= Whole note =

Musical note duration

Figure 1. A whole note and a whole rest.

A whole note (American) or semibreve (British) in musical notation is a single note equivalent to or lasting as long as two half notes or four quarter notes.

v; t; e; Drum pattern, s on bass and snare, accompanied by ride patterns of various duple lengths from to 128th (all at =60)
| 1^{ⓘ} | 2^{ⓘ} | 4^{ⓘ} | 8^{ⓘ} |
| 16^{ⓘ} | 32^{ⓘ} | 64^{ⓘ} | 128^{ⓘ} |

== Description ==
The whole note or semibreve has a note head in the shape of a hollow oval—like a half note (or minim)—but with no note stem (see Figure 1). Since it is equal to four quarter notes, it occupies the entire length of a measure in 4/4 time.

Other notes are multiples or fractions of the whole note. For example, a double whole note (or breve) lasts twice the duration of the whole note, a half note lasts one half the duration, and a quarter note (or crotchet) lasts one quarter the duration.

A related symbol is the whole rest (or semibreve rest), which signifies a rest for the duration of a whole note.
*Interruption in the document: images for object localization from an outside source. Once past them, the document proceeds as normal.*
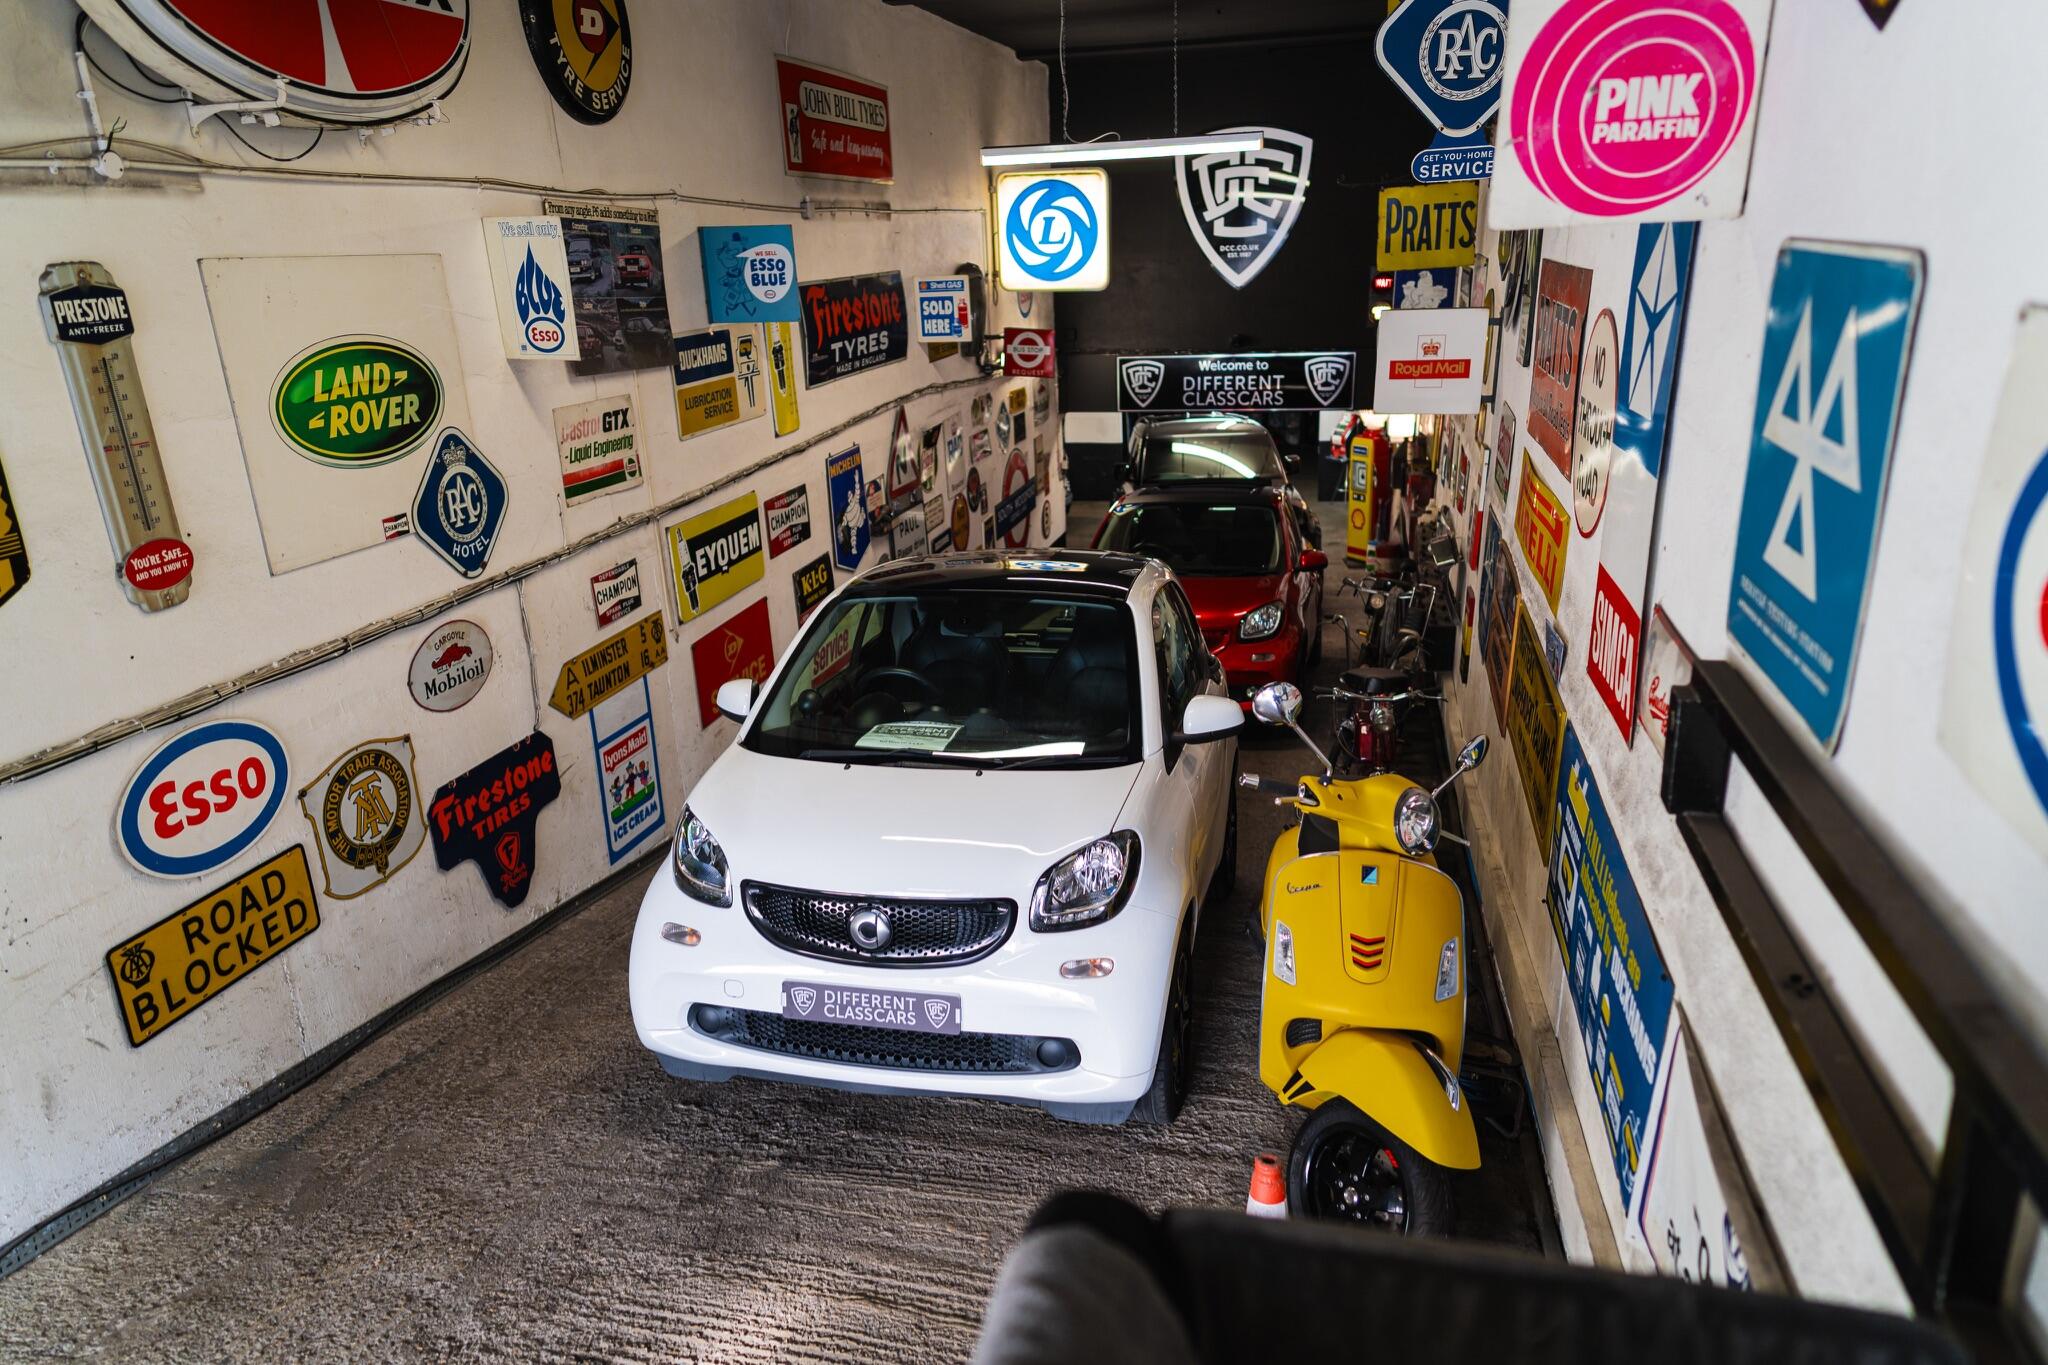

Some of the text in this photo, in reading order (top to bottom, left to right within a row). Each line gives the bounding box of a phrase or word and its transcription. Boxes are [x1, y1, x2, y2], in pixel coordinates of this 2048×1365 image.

[1435, 13, 1498, 79] RAC
[549, 31, 631, 110] TYRE SERVICE
[804, 87, 885, 127] JOHN BULL TYRES
[1595, 73, 1704, 122] PINK
[1592, 117, 1700, 145] PARAFFIN
[1419, 160, 1493, 178] SERVICE
[1423, 151, 1493, 163] GET-YOU-HOME
[548, 201, 564, 214] From
[564, 205, 575, 217] any
[600, 207, 613, 218] adds
[613, 209, 638, 223] something
[1385, 197, 1476, 253] PRATTS
[498, 221, 515, 236] We
[516, 221, 535, 236] sell
[1038, 216, 1066, 245] L
[750, 258, 786, 272] ESSO
[751, 272, 787, 287] BLUE
[516, 241, 565, 325] BLUE
[53, 296, 128, 325] PRESTONE
[806, 286, 901, 350] Firestone
[922, 300, 953, 315] SOLD
[68, 323, 125, 337] ANTI-FREEZE
[924, 319, 950, 334] HERE
[679, 343, 727, 371] DUCKHAMS
[831, 330, 889, 362] TYRES
[836, 353, 887, 373] MADE IN ENGLAND
[1199, 361, 1269, 372] Welcome to
[1395, 362, 1465, 377] Royal Mail
[1592, 344, 1606, 390] NO
[1183, 375, 1285, 391] DIFFERENT
[684, 387, 733, 411] LUBRICATION
[704, 401, 733, 420] SERVICE
[1182, 391, 1284, 406] CLASSCARS
[602, 408, 630, 433] GTX
[569, 434, 634, 464] Liquid Engineering
[445, 475, 481, 528] RAC
[771, 501, 806, 531] CHAMPION
[384, 520, 409, 533] CHAMPION
[452, 535, 490, 558] HOTEL
[696, 522, 760, 578] EYQUEM
[136, 559, 188, 582] AND YOU KNOW IT
[596, 574, 637, 606] CHAMPION
[434, 631, 465, 651] GARGOYLE
[1592, 590, 1635, 721] SIMCA
[581, 637, 629, 677] ILMINSTER
[424, 657, 485, 700] Mobiloil
[566, 667, 579, 690] A
[587, 649, 650, 700] TAUNTON 16
[566, 688, 585, 716] 374
[604, 732, 647, 768] Lyons Maid
[327, 753, 408, 858] THE MOTOR TRADE ASSOCIATION
[431, 750, 552, 843] Firestone
[472, 792, 531, 841] TIRES
[613, 800, 658, 842] ICE CREAM
[181, 869, 286, 954] ROAD
[132, 898, 308, 1033] BLOCKED
[823, 1004, 917, 1025] CLASSCARS
[824, 990, 917, 1011] DIFFERENT
[1611, 944, 1657, 1085] DUCKHAMS
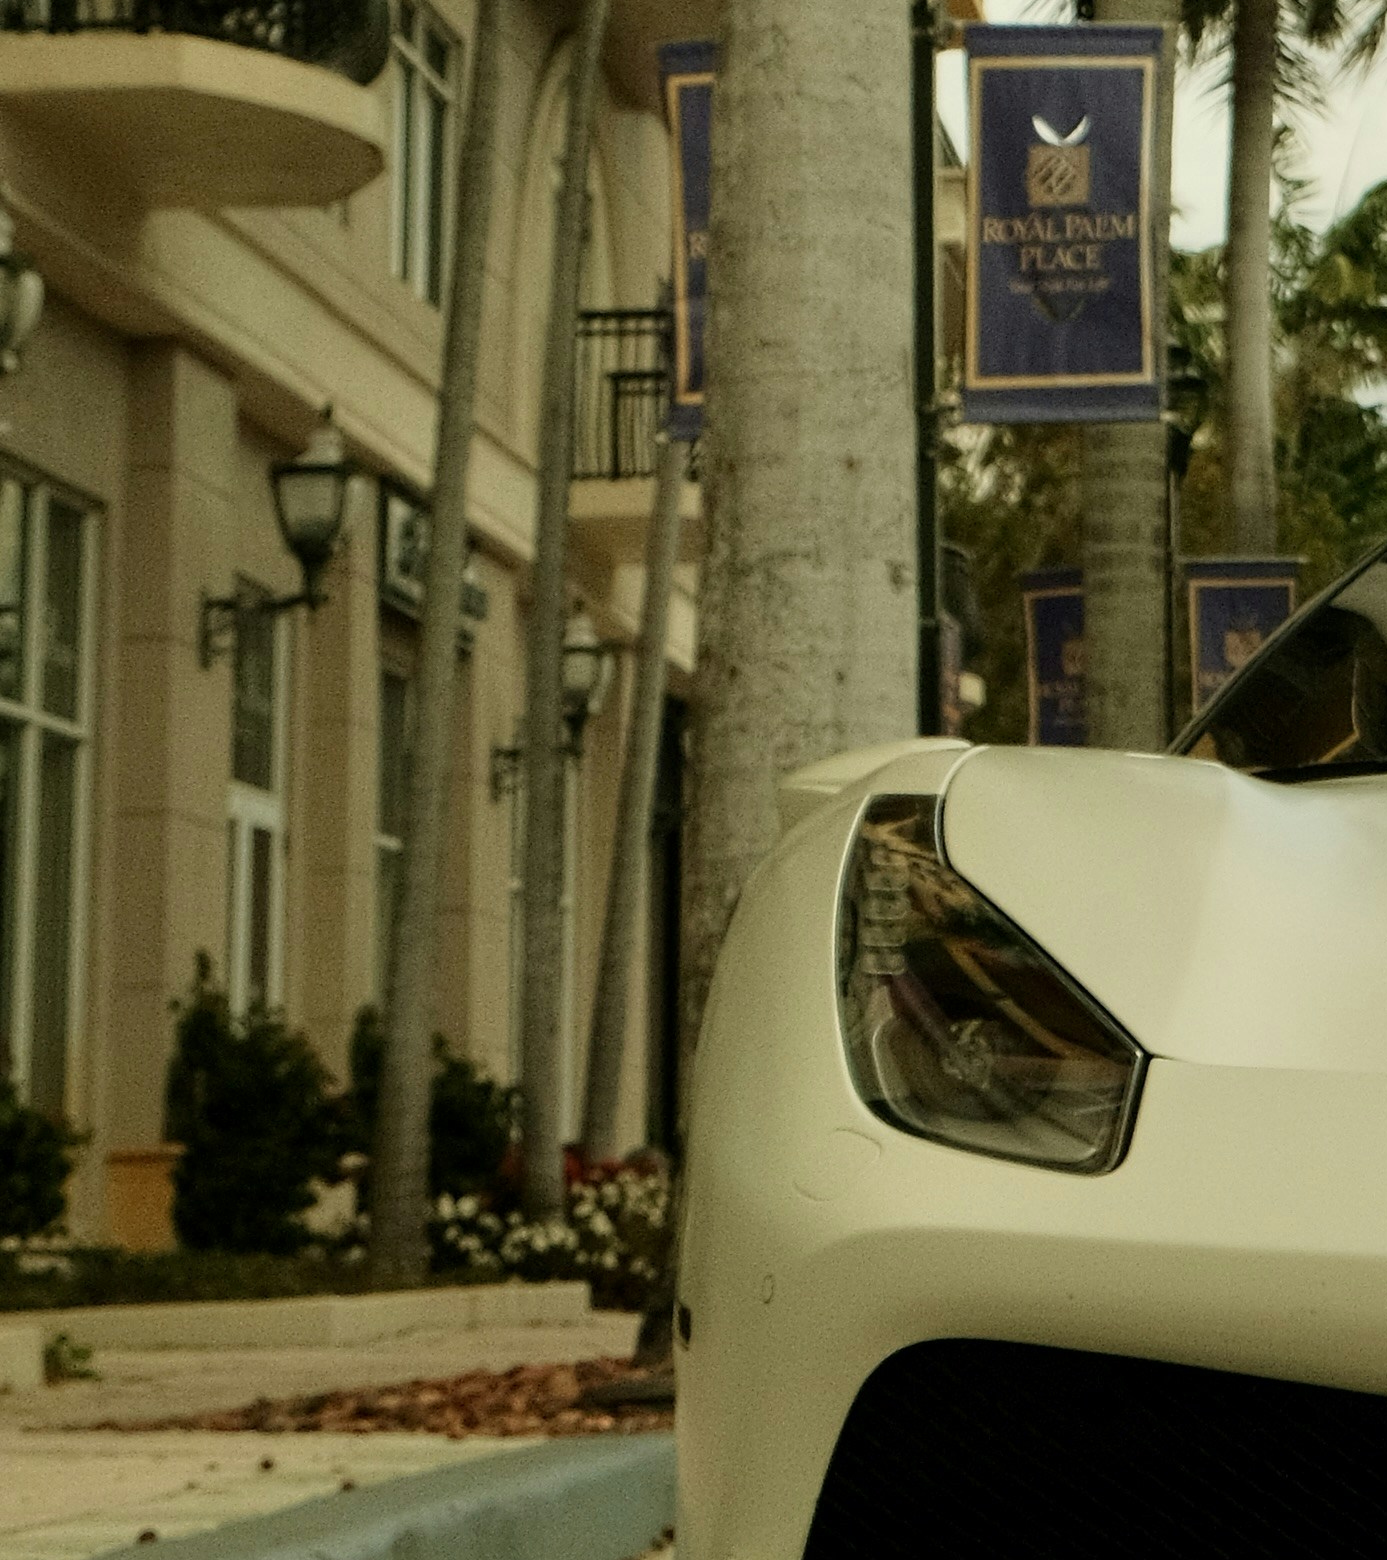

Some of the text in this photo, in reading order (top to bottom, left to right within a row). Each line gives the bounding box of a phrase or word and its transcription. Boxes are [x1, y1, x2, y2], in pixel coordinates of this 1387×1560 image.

[982, 213, 1135, 243] ROYAL PALM
[1019, 244, 1104, 271] PLACE
Whole rests are drawn as filled-in rectangles generally hanging under the second line from the top of a musical staff, though they may occasionally be put under a different line (or ledger line) in more complicated polyphonic passages, or when two instruments or vocalists are written on one staff.

When an entire bar is devoid of notes, a whole (semibreve) rest placed at the middle of the measure is used, regardless of the actual time signature.

Less commonly, the whole note may be used to denote a whole measure in music of free rhythm, such as Anglican chant, irrespective of the time of the measure.

== History ==
The whole note symbol is first found in music notation from the late thirteenth century (Morehen and Rastall 2001). It derives from the round, stemless semibrevis of mensural notation, hence the origin of the British name.

== Nomenclature ==

The British term is taken from Italian semibreve, itself built upon Latin semi- "half" and brevis "short." The American whole note is a calque of the German ganze Note. Some languages derive the name of the note from its round shape, such as Catalan rodona, French ronde, and Spanish redonda. The Greek name means "whole". The Chinese, Japanese, Korean, and Vietnamese names mean "whole note".